The new regime replaces the provisions of the Internal Revenue Code known as the TEFRA procedures, which still govern partnership audits for taxable years beginning before December 31, 2017, and may also be applicable for audits by states that have not adopted the new federal procedures. The new regime is significantly different from TEFRA in terms of both the conduct and the consequences of a partnership audit. Partnerships need to be aware of the impact of the new audit rules and may need to make changes to their governing documents to address the new rules.
The discussion below highlights several key changes under the new audit regime and suggests actions that partnerships should consider taking. Please contact a member of the Tax Group to discuss the impact of the new regime on your partnership and what changes you should consider making to your governing documents.
Assessments Collected at Entity Level
Under the new audit regime, any taxes and penalties resulting from a partnership audit are assessed and collected at the entity level, which means the partnership itself (rather than the affected partners) is liable for the assessment. However, a partnership may be eligible to make a “push-out” election to require the affected partners (which may include former partners) to take into account the adjustments and pay any taxes due as a result of those adjustments, provided that the necessary information is provided to the IRS. In addition, the entity-level assessment may be reduced if a partner files an amended return for the reviewed year taking into account any adjustments properly allocated to such partner and paying any taxes due as a result of such adjustments.

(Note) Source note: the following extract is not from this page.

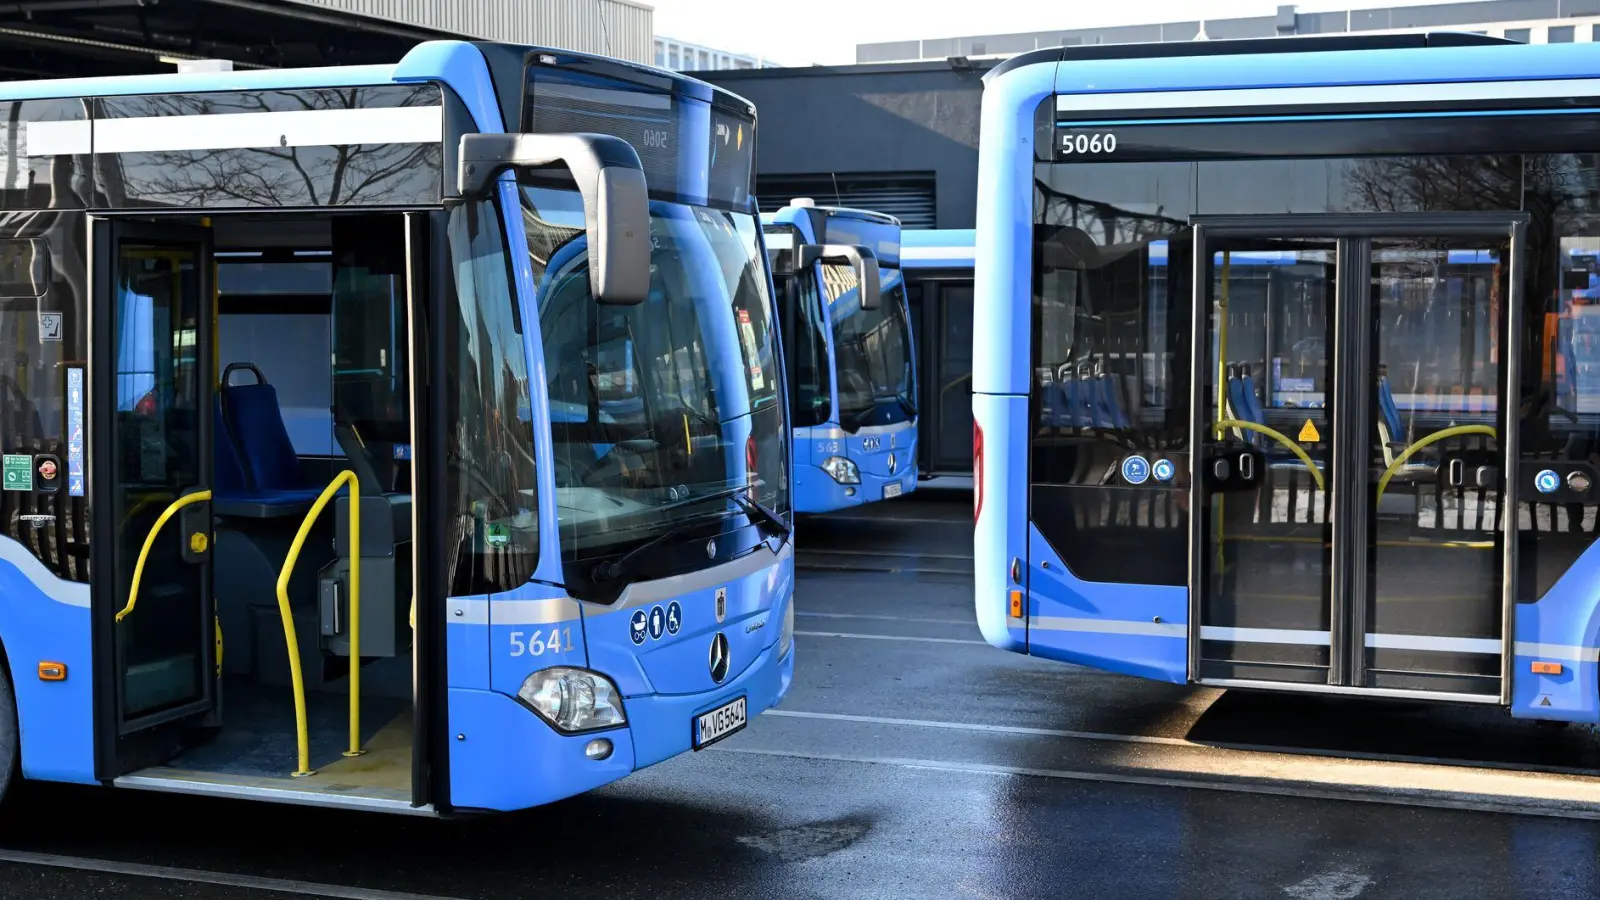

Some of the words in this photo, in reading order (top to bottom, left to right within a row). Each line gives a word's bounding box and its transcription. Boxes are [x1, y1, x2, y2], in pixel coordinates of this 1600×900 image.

[1062, 133, 1117, 154] 5060
[510, 627, 574, 657] 5641
[700, 718, 707, 741] M

Partnerships should consider including language in their governing documents to address the economic burden of an assessment under the new regime, including the ability of the partnership to make a “push-out” election and obligations of the partners (including former partners) to provide information to the partnership and to indemnify the partnership for assessments properly allocable to the partner.

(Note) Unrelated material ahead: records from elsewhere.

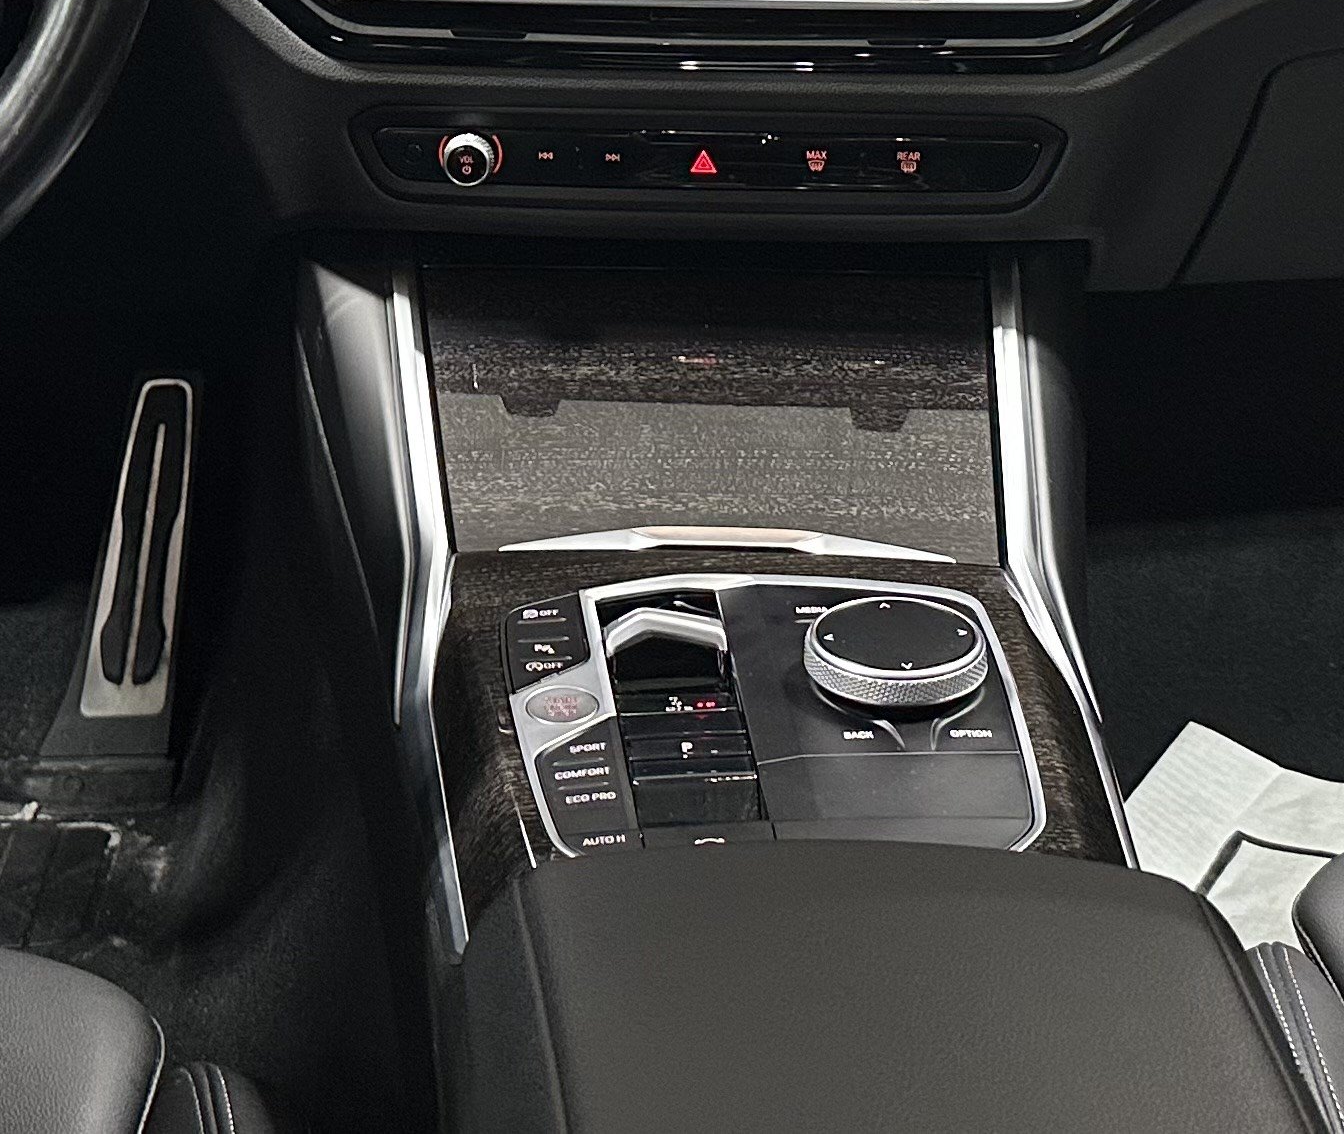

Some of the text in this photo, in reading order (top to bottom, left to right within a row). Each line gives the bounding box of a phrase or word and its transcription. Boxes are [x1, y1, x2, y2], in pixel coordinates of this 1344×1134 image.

[459, 155, 474, 164] VOL
[806, 150, 827, 160] MAX
[896, 151, 921, 162] REAR
[539, 608, 560, 617] OFF
[543, 661, 564, 670] OFF
[843, 730, 875, 740] BACK
[949, 729, 993, 739] OPTION
[569, 742, 607, 754] SPORT
[554, 766, 611, 781] COMFORT
[565, 790, 617, 805] ECO PRO
[582, 833, 626, 847] AUTO H

Further, purchasers of partnership interests should consider negotiating for indemnification from the transferor for assessments attributable to periods prior to the purchaser’s acquisition of the partnership interest.

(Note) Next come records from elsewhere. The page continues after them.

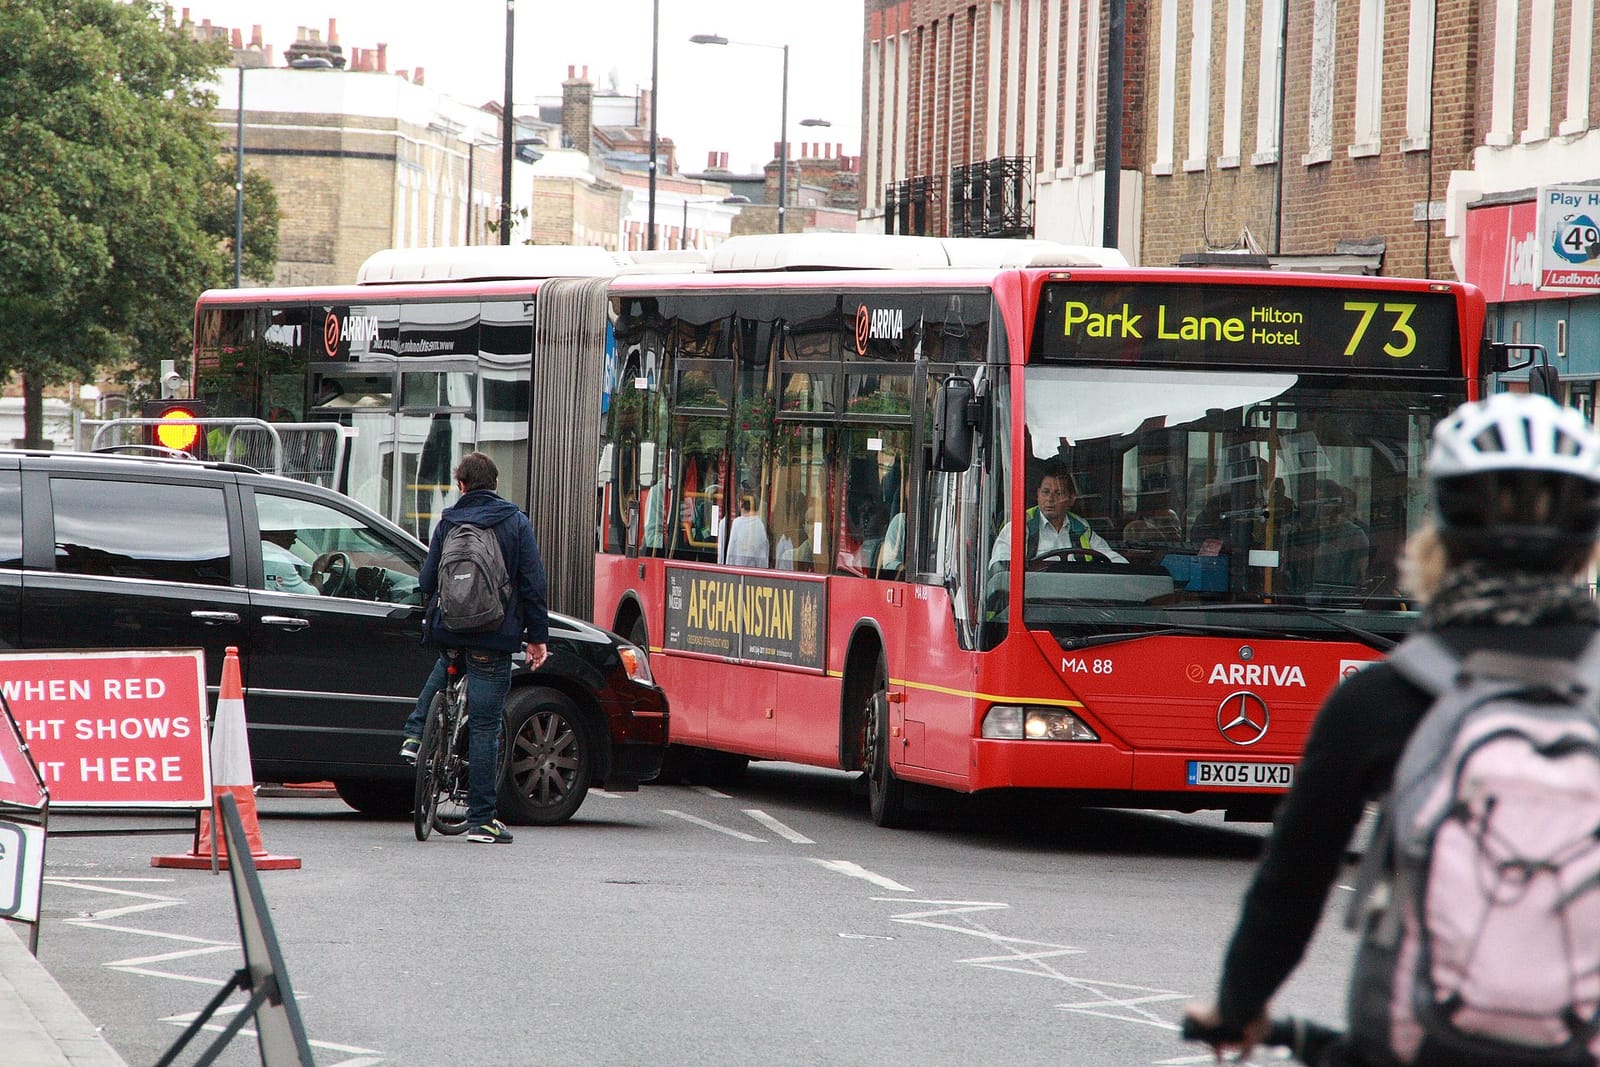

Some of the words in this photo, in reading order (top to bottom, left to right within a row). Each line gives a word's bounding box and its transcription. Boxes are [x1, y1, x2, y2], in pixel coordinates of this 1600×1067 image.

[1550, 192, 1582, 207] Play
[869, 308, 904, 339] ARRIVA
[1064, 301, 1143, 339] Park
[1157, 305, 1245, 342] Lane
[1251, 306, 1303, 324] Hilton
[340, 315, 380, 342] ARRIVA
[1251, 328, 1301, 345] Hotel
[1343, 301, 1417, 358] 73
[687, 578, 794, 641] AFGHANISTAN
[1062, 657, 1088, 673] MA
[1093, 659, 1113, 674] 88
[1208, 663, 1307, 687] ARRIVA
[0, 679, 91, 701] WHEN
[103, 678, 167, 700] RED
[75, 717, 191, 740] SHOWS
[79, 756, 183, 782] HERE
[1200, 764, 1249, 782] BX05
[1254, 766, 1290, 784] UXD

Under the new audit regime, the “partnership representative” has sole authority to act on behalf of the partnership. All partners are bound by the actions of the partnership representative, and partners have no statutory right to receive notice of or to participate in the partnership-level proceedings. This is a significant change from the TEFRA procedures, under which partners generally retained notification and participation rights in partnership-level proceedings.
Unlike the tax matters partner under TEFRA, the partnership representative can be any individual or entity that has a substantial presence in the United States and need not be a partner of the partnership. Accordingly, under the new regime, partnerships have greater flexibility in selecting a partnership representative.
Partnerships should consider whether their governing documents should be updated to designate a partnership representative. Partnerships should carefully consider the appropriate person to serve as partnership representative.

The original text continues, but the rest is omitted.